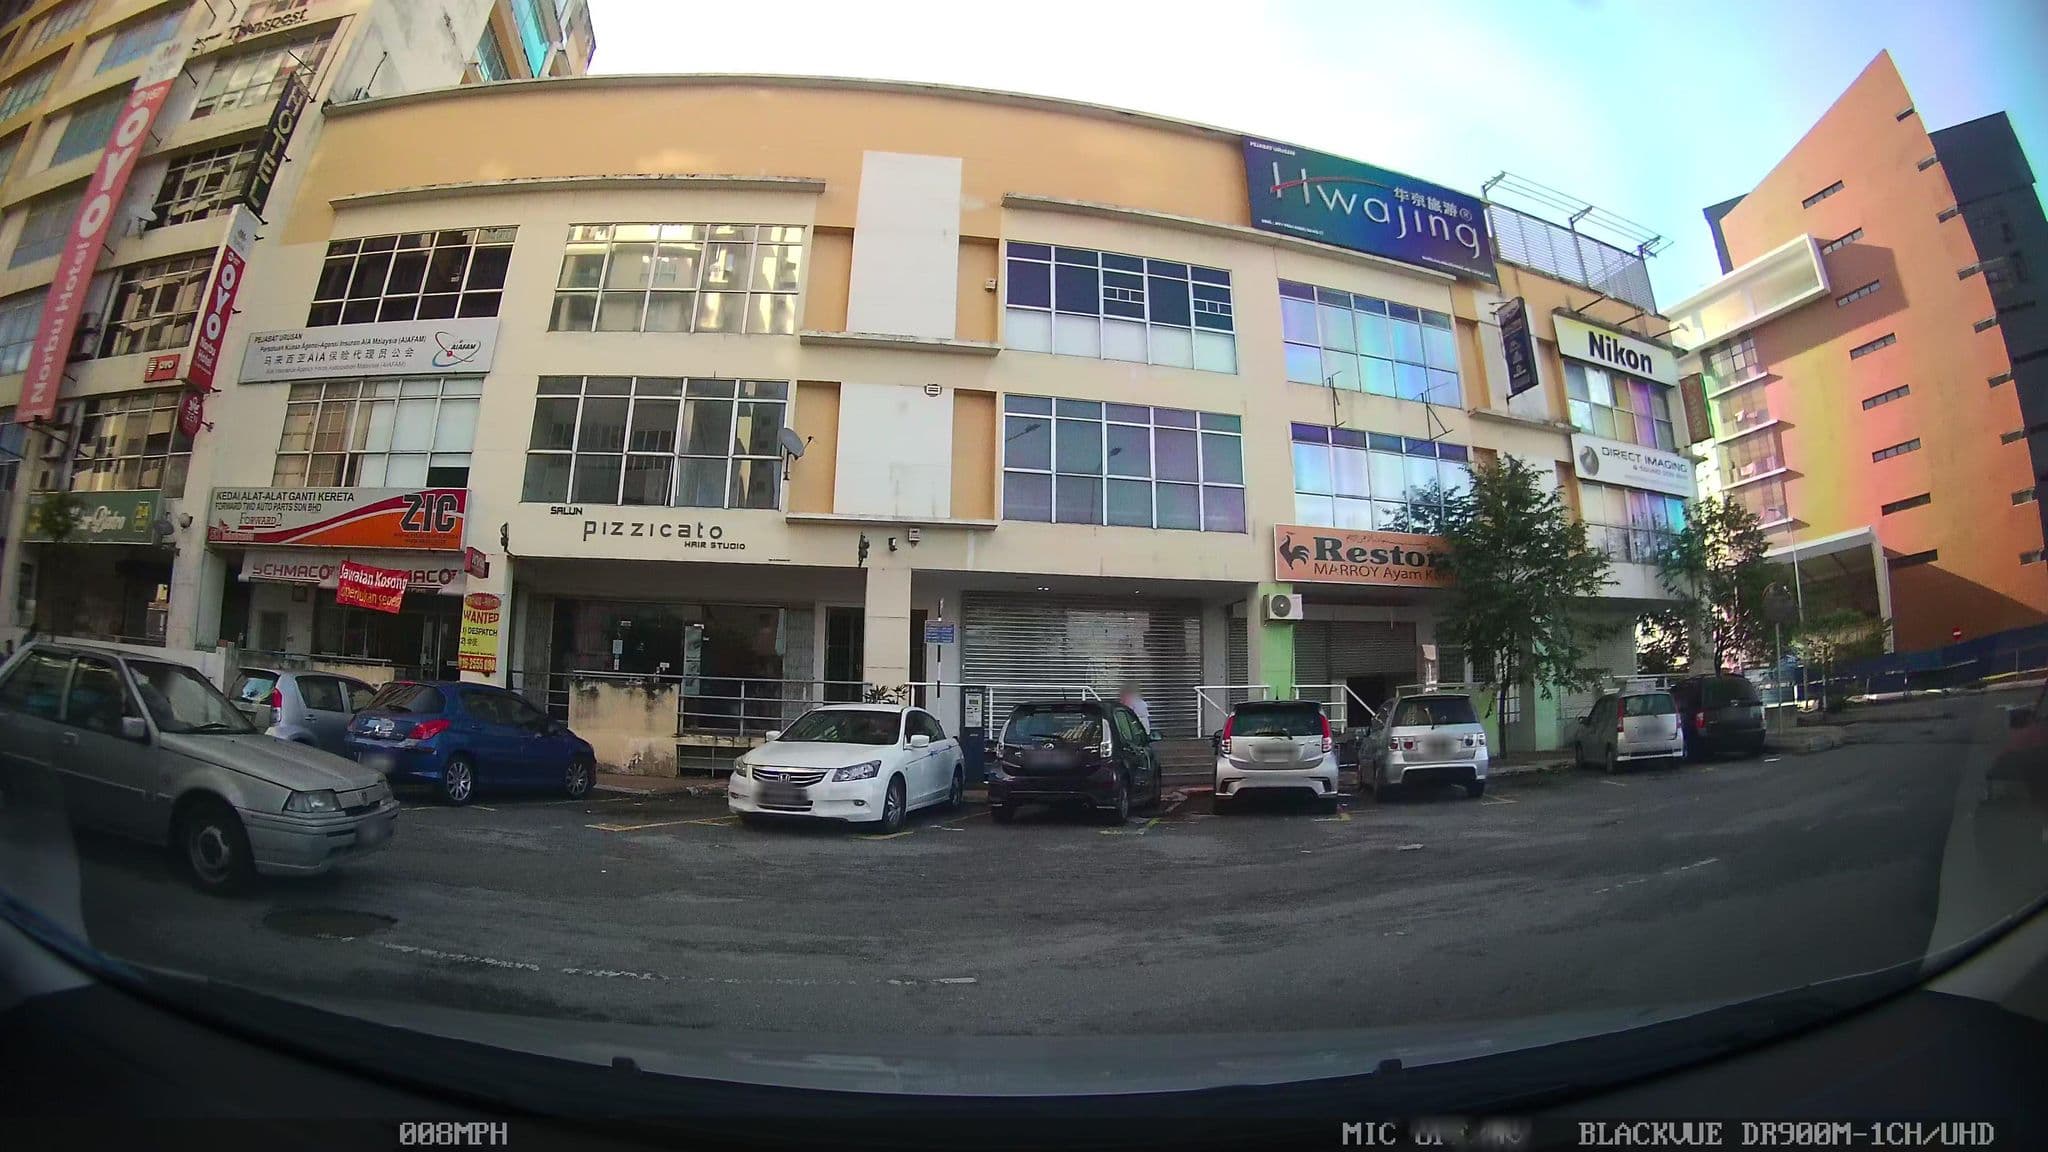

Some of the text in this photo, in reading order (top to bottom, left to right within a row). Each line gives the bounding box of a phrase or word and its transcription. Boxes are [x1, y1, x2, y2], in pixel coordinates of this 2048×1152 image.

[249, 84, 303, 208] HOTEL
[78, 106, 150, 239] OYO
[1270, 161, 1481, 260] Hwajing
[206, 264, 236, 341] OYO
[1588, 331, 1653, 374] Nikon
[1601, 447, 1688, 473] DIRECT IMAGING
[215, 502, 322, 512] FORWARD TWO AUTO PARTS SDN BHD
[216, 491, 355, 502] KEDAI ALAT-ALAT GANTI KERETA
[400, 493, 459, 533] ZIC
[550, 506, 583, 516] SALUN
[684, 541, 746, 550] HAIR STUDIO
[252, 564, 331, 580] SCHMACO
[340, 563, 408, 595] Jawatan Kosong
[1313, 562, 1382, 576] MARROY
[1383, 567, 1422, 582] Ayam
[464, 609, 500, 624] WANTED
[467, 626, 498, 637] DESPATCH
■ ■ ■ ■
> Task prompt
Could the material above be given again in full and exactly, with its pictures left out?

> Answer space
Some of the text in this photo, in reading order (top to bottom, left to right within a row). Each line gives the bounding box of a phrase or word and its transcription. Boxes are [x1, y1, x2, y2], in pixel coordinates of this 2048×1152 image.

[249, 84, 303, 208] HOTEL
[78, 106, 150, 239] OYO
[1270, 161, 1481, 260] Hwajing
[206, 264, 236, 341] OYO
[1588, 331, 1653, 374] Nikon
[1601, 447, 1688, 473] DIRECT IMAGING
[215, 502, 322, 512] FORWARD TWO AUTO PARTS SDN BHD
[216, 491, 355, 502] KEDAI ALAT-ALAT GANTI KERETA
[400, 493, 459, 533] ZIC
[550, 506, 583, 516] SALUN
[684, 541, 746, 550] HAIR STUDIO
[252, 564, 331, 580] SCHMACO
[340, 563, 408, 595] Jawatan Kosong
[1313, 562, 1382, 576] MARROY
[1383, 567, 1422, 582] Ayam
[464, 609, 500, 624] WANTED
[467, 626, 498, 637] DESPATCH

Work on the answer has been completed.